I was under the impression that I needed to use "new" in order to create a "permanent" object. |
If you use
new to create an object, then you do have control over the lifetime of that object, true. If you simply create local object on the stack, then it will be destroyed when it falls out of scope.
In the code you posted, however, this is an irrelevance. You're creating your BarHost object in the main function, so it will remain in scope until the program exits. You don't need to worry about dynamically allocating it in this case.
As a general rule, you shouldn't dynamically allocate stuff unless you
need to, because you want to minimize the amount of memory management you have to do in your code.
Under other, more complicated circumstances, you might very well need to dynamically allocate, but not in the code you've shown us.
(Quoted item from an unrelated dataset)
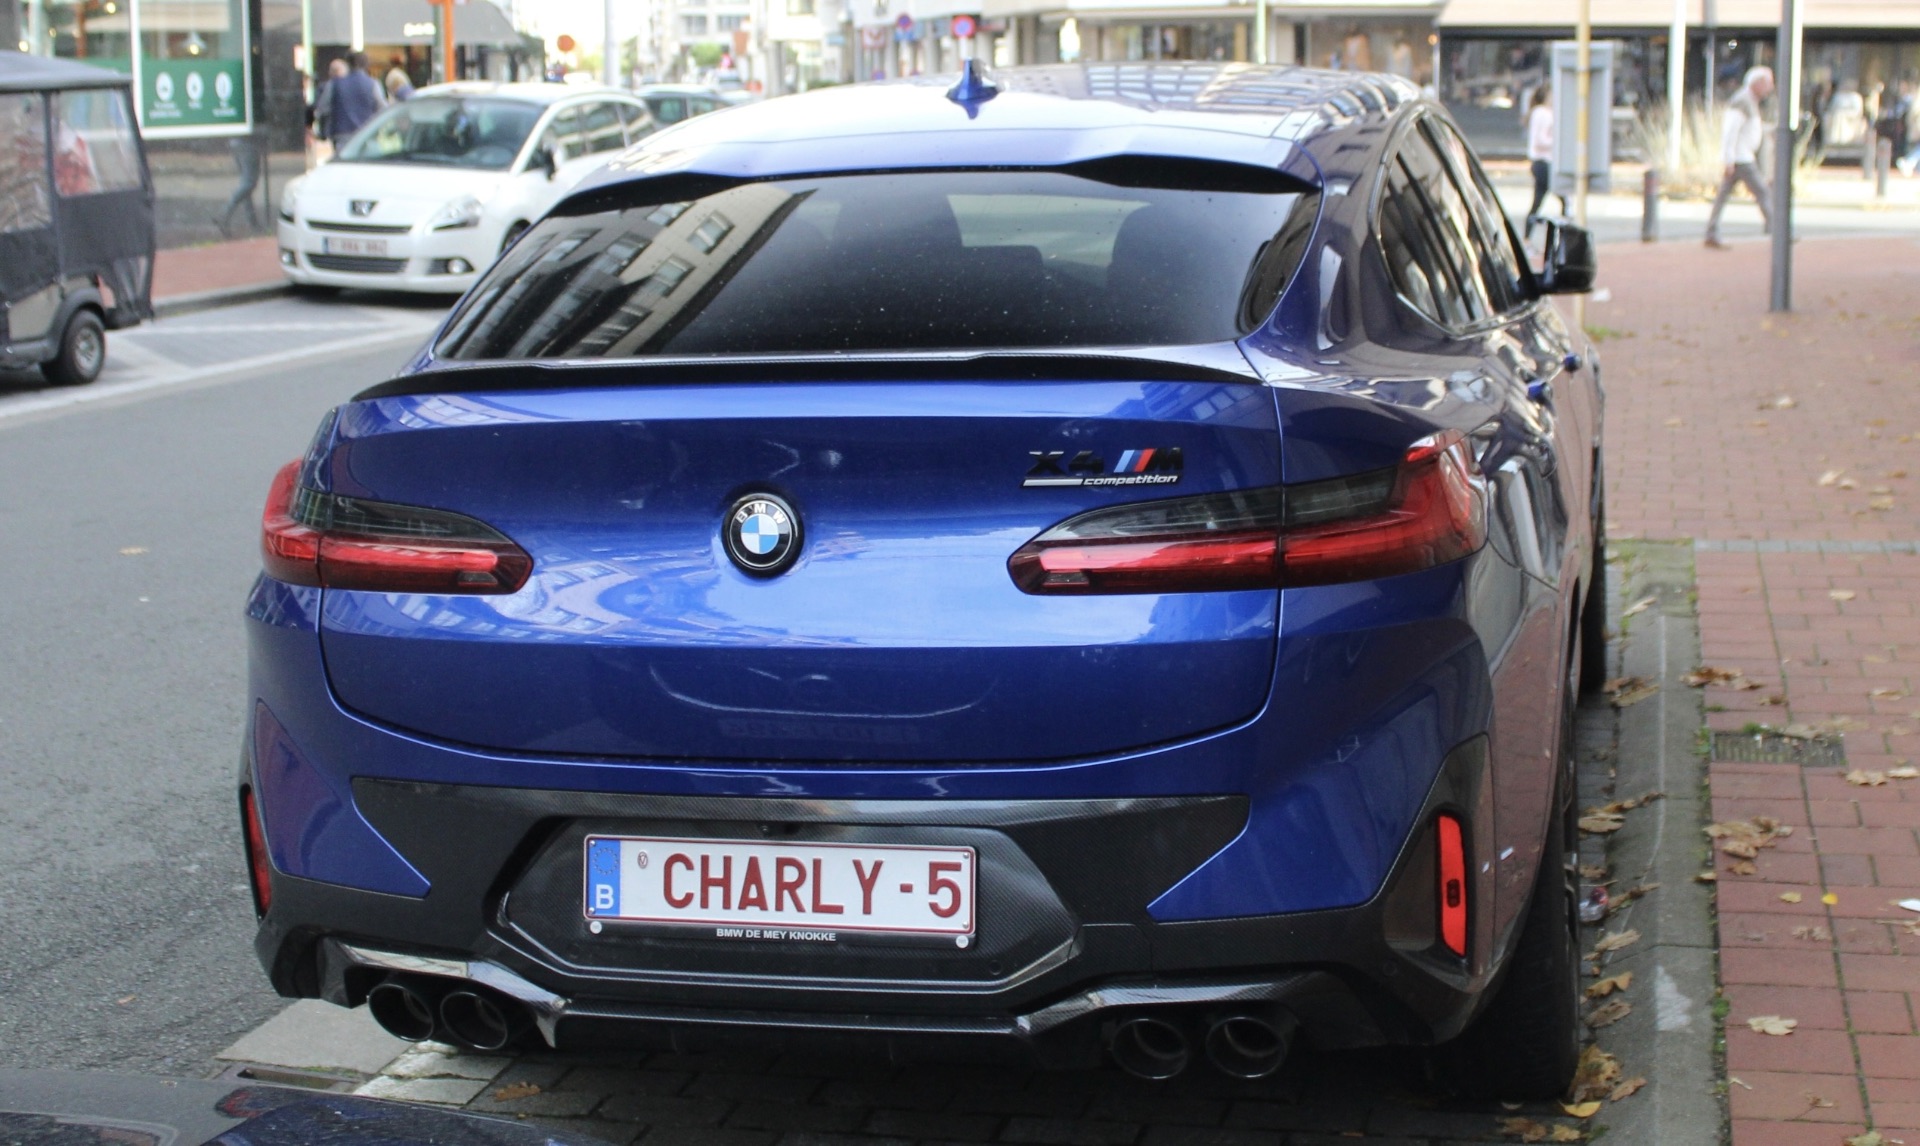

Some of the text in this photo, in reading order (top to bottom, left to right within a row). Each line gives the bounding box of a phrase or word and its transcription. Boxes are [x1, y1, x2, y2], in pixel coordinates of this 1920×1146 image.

[1083, 475, 1178, 486] competition
[735, 503, 786, 524] BMW
[596, 884, 614, 909] B
[716, 928, 837, 942] BMW DE MEY KNOKKE
If I don't use new, then if for example I create several BarHost objects inside a for loop, storing them say in a vector, won't they simply overwrite each other? |
If you're storing the actual objects in the vector, like so:
1 2 3 4 5 6
|
std::vector<BarHost> myVector;
for (int i = 0; i < NUM_OBJECTS; ++i)
{
BarHost newObj;
myVector.push_back(newObj);
}
| |
then there's no problem, because when you store something in a vector, you actually store a
copy of it. The vector owns that copy and manages the memory for it, so it's safe regardless of what you do in your code.
In detail, what happens is the following:
1) You enter the first iteration of the loop.
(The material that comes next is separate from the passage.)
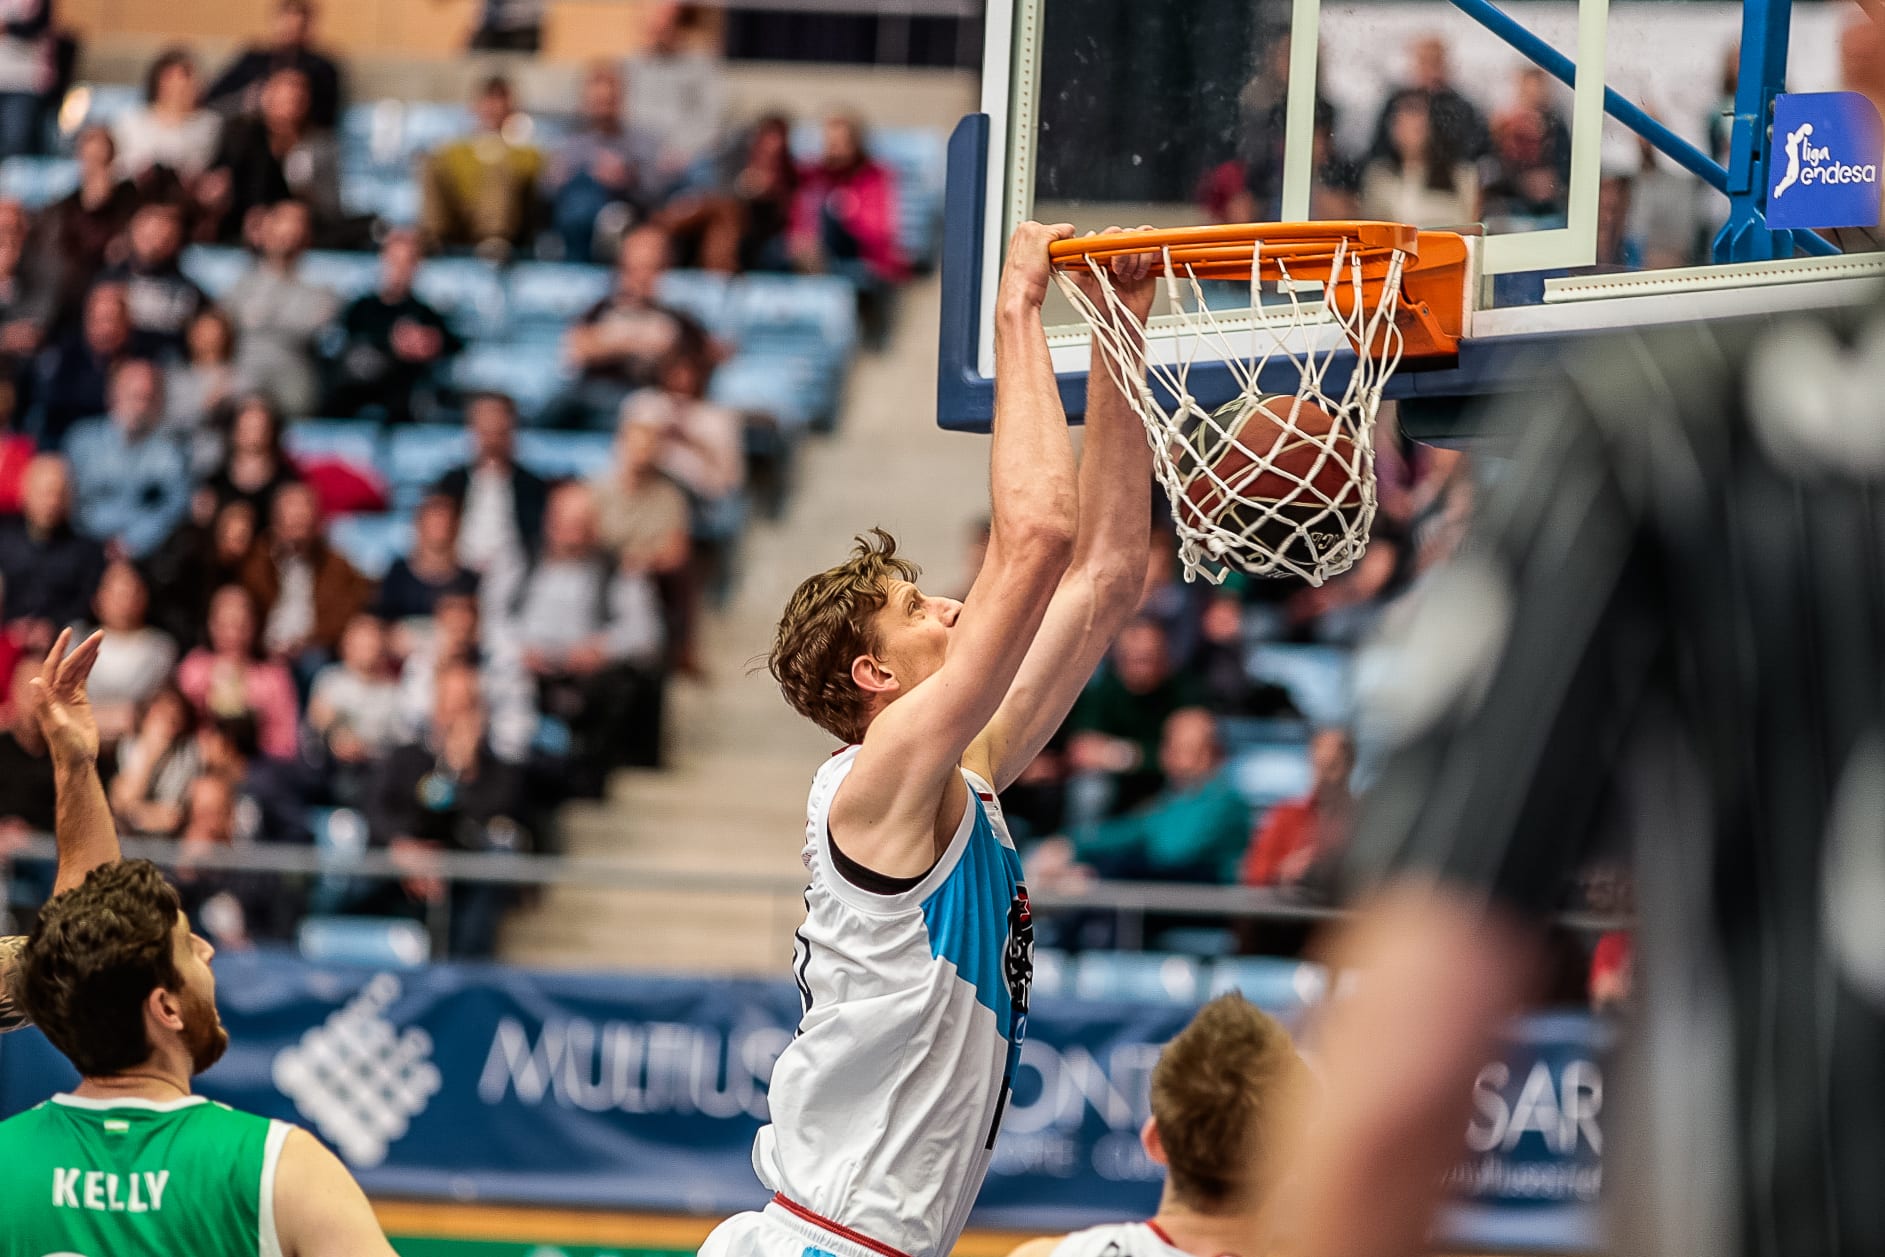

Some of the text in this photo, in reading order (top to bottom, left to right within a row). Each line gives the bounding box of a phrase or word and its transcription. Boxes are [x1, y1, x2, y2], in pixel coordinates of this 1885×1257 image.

2) You create a BarHost object on the stack.
3) When you add that BarHost object to the vector, the vector creates its own copy of it, with its own memory allocated for that copy.
4) You exit the first iteration of the loop.
newObj drops out of scope, and the memory for it is no longer reserved, but it doesn't matter, because myVector has already stored its own copy.
5) You enter the 2nd iteration of the loop.
6) You create another BarHost object on the stack. This may re-use the same memory as the first one, or may use different memory - that's up to the operating system to decide. Either way, it won't damage myVector, because it's storing its own copy in other memory.
7) This second BarHost object gets copied into the vector, with the vector storing this copy alongside the first.
8) And so on...
EDIT:
Now, if you were just storing pointers to BarHost objects in the vector, things would be different:
1 2 3 4 5 6 7
|
std::vector<BarHost*> myVector;
for (int i = 0; i < NUM_OBJECTS; ++i)
{
BarHost newObj;
myVector.push_back(&newObj);
// TROUBLE - the memory that the pointer in the vector points to is about to be trashed.
}
| |
The only thing you're copying into the vector now is the
address of
newObj. Now, when you reach the end of a loop iteration, newObj drops out of scope, which means that the memory that was storing it is no longer reserved, and can be overwritten with other things. But your vector is still storing an address to that memory, despite the fact that it no longer contains what it did.
You see the problem?
In this case, you'd need to dynamically allocate:
1 2 3 4 5 6 7 8
|
std::vector<BarHost*> myVector;
for (int i = 0; i < NUM_OBJECTS; ++i)
{
BarHost* pNewObj = new BarHost();
myVector.push_back(pNewObj);
}
// BUT WHAT FREES UP THE MEMORY YOU'VE ALLOCATED?
| |
This is fine, but because you've dynamically allocated that memory, you (or rather, the code you write, is going to have to take responsibility for freeing it. Where should this be done? When should this be done? Which classes and/or functions are responsible for doing it? How can you be sure it's not going to be freed twice? How can you be sure that nothing's going to try and use that pointer after the memory's been freed?
These are not always easy questions to answer. There are ways to design your code to make dynamic allocation safer and easier, but that's beyond the scope of this post.